Como a COVID levou uma geração de
jovens para a direita
Por décadas, os jovens eleitores
estadunidenses têm sido profunda e notoriamente progressistas. Em 2008, um terremoto
juvenil mandou Barack Obama para a Casa Branca. Em 2016, os eleitores de 18 a
29 anos que votaram em Hillary Clinton garantiram para ela 18
pontos.
Em 2020, deram a Joe Biden 24
pontos.
Em 2024, Donald Trump reduziu a diferença, perdendo entre os eleitores com
menos de 30 anos por uma margem
de 51–47.
Em uma pesquisa
recente da CBS,
os estadunidenses com menos de 30 anos não estavam apenas divididos igualmente
entre os partidos. Eles eram ainda mais pró-Trump do que os Boomers com
mais de 65 anos.
Fazer pesquisas precisas com adolescentes e jovens de
20 e poucos anos é uma tarefa arriscada; algumas pesquisas sugerem que a
vantagem de Trump entre os jovens pode
já estar desaparecendo. Mas a aparente guinada para a direita dos jovens não
é uma tendência exclusiva dos estadunidenses.
“Os partidos de extrema direita estão surgindo por toda
a Europa — e os jovens eleitores estão comprando seus discursos”, escreveu a jornalista
Hanne Cokelaere para o Politico no ano passado. Na
França, Alemanha, Finlândia, entre outros países, os jovens eleitores estão
mudando seu apoio para partidos de extrema direita com discursos anti-sistema
“em números iguais e até mesmo excedendo os eleitores mais velhos”. Na
Alemanha, uma pesquisa de 2024 com
2.000 pessoas mostrou que os jovens adotaram uma “visão sombria” relativamente
nova sobre o futuro. Não é surpresa, então, que o partido de extrema
direita Alternative für Deutschland tenha se tornado o
partido mais popular entre os alemães com menos de 30 anos. Como a maioria dos
fenômenos intrigantes, este até ganhou um nome alemão: Rechtsruck, ou mudança para a direita.

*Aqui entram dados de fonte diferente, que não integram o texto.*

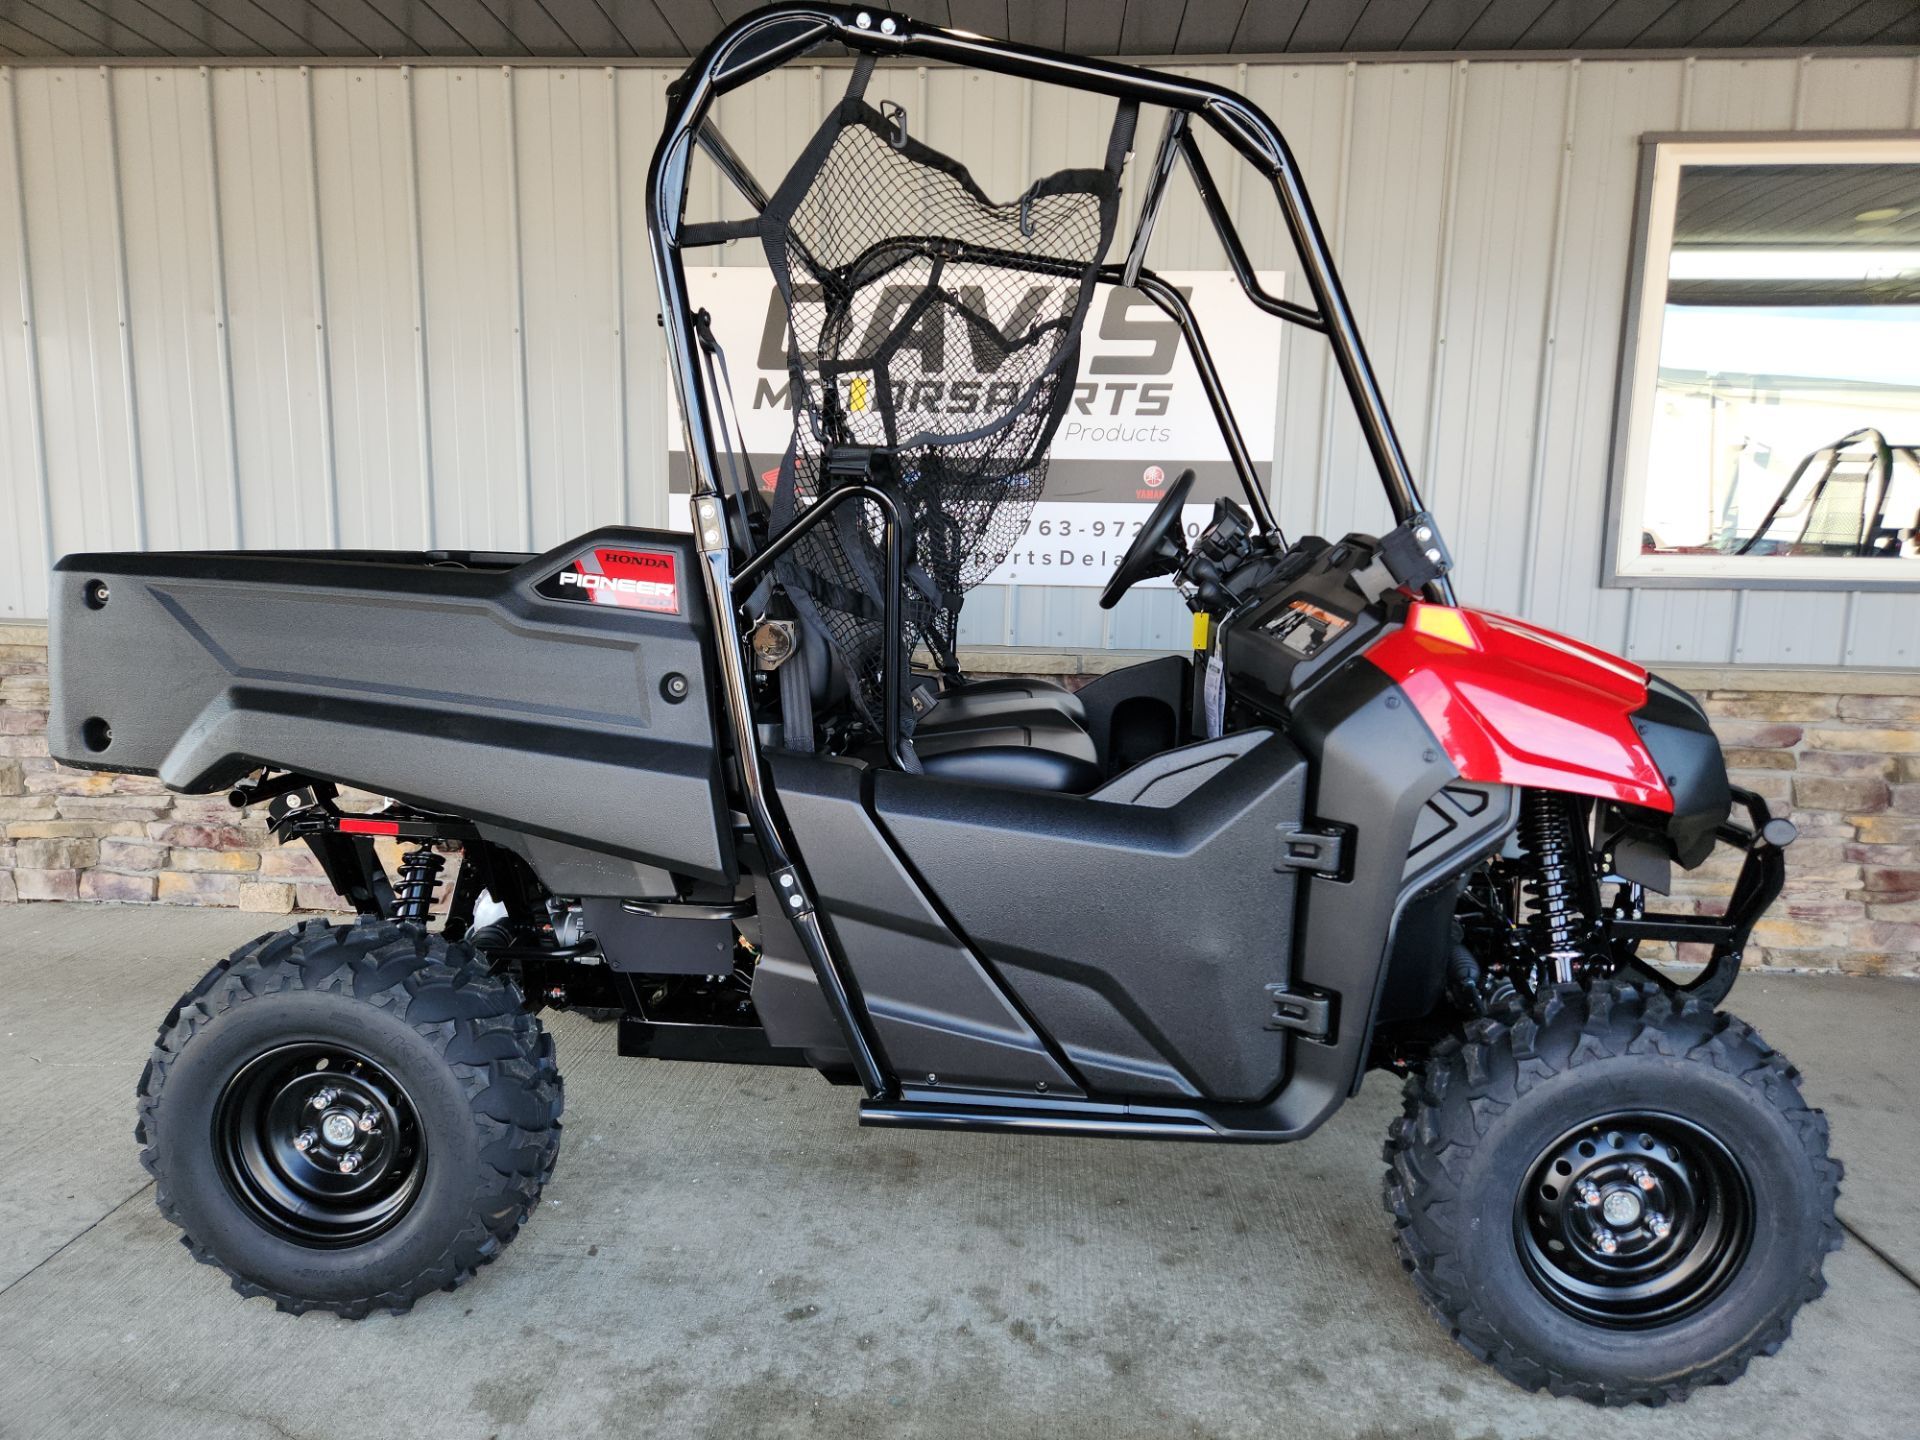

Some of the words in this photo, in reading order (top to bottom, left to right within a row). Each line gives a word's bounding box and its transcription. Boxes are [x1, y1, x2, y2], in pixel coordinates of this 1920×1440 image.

[757, 283, 1193, 375] DAVS
[1065, 422, 1171, 442] Products
[1135, 488, 1166, 501] YAMAH
[604, 553, 670, 569] HONDA
[559, 571, 675, 597] PIONEER
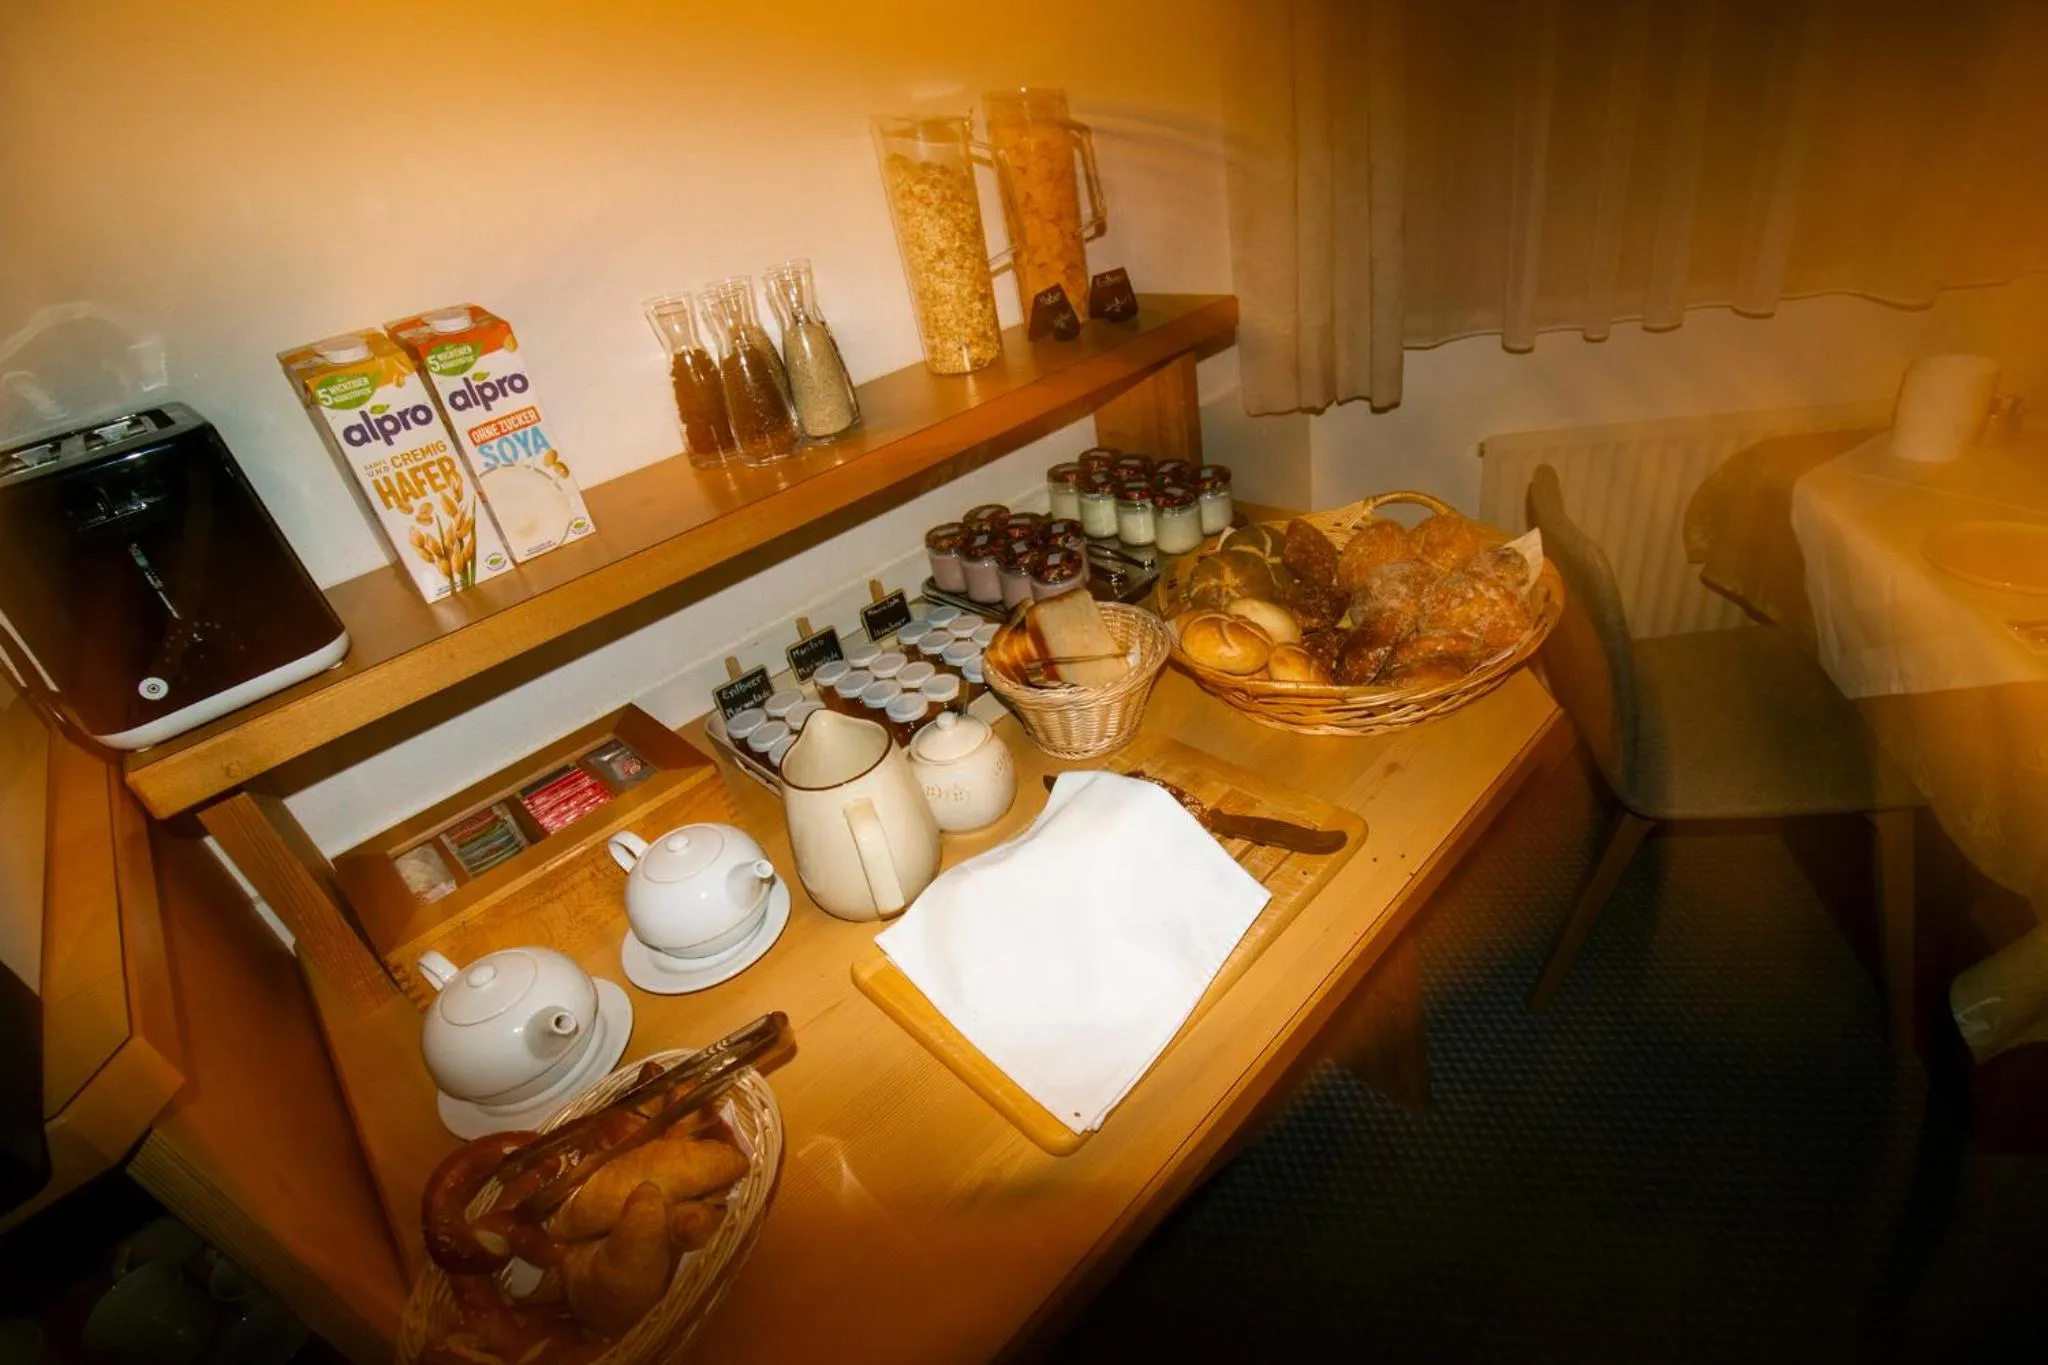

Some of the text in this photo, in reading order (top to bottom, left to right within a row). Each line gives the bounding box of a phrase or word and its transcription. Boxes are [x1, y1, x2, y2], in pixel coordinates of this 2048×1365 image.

[428, 355, 441, 372] 5
[317, 388, 333, 406] 5
[448, 373, 529, 412] alpro
[343, 404, 433, 447] alpro
[471, 410, 537, 444] OHNE ZUCKER
[390, 439, 447, 468] CREMIG
[478, 426, 552, 468] SOYA
[372, 455, 459, 510] HAFER

O que impulsiona esse Rechtsruck global?
É difícil dizer com certeza. Talvez o mundo inteiro esteja dando um voto de
protesto após vários anos de inflação. O ano passado tivemos a maior taxa
de não
reeleição de
mandatários no mundo desenvolvido desde o fim da Segunda Guerra Mundial.
Questões mais profundas, não foi a inflação por si só, mas sim a combinação de fraco
crescimento econômico real e imigração recorde que preparou o solo para novatos
de extrema direita, que podem gerar uma opinião crítica sobre os governos
progressistas em ambos os lados do Atlântico por falharem em cuidar primeiro de
seus próprios cidadãos.
Há outro potencial impulsionador da virada global à
direita: a pandemia.
As pandemias podem não parecer inicialmente gerar
ganhos em nenhuma direção política específica. Afinal, na primavera de 2020, uma
possível implicação da pandemia parecia ser que ela uniria as pessoas em torno
de uma visão de sacrifício coletivo — ou, pelo menos, apreciação coletiva por
profissionais da saúde, ou pelo efeito das vacinas para reduzir doenças graves
entre adultos. Mas a ciência política sugere que as pandemias têm mais
probabilidade de reduzir do que construir confiança nas
autoridades científicas. Uma análise entre países publicada
pelo Systemic Risk Center da London School of
Economics descobriu que pessoas que vivenciam epidemias entre 18 e 25
anos têm menos confiança em suas lideranças científica e política. Essa perda
de confiança persiste por anos, até décadas, em parte porque a ideologia
política tende a se solidificar na faixa dos 20 anos de idade.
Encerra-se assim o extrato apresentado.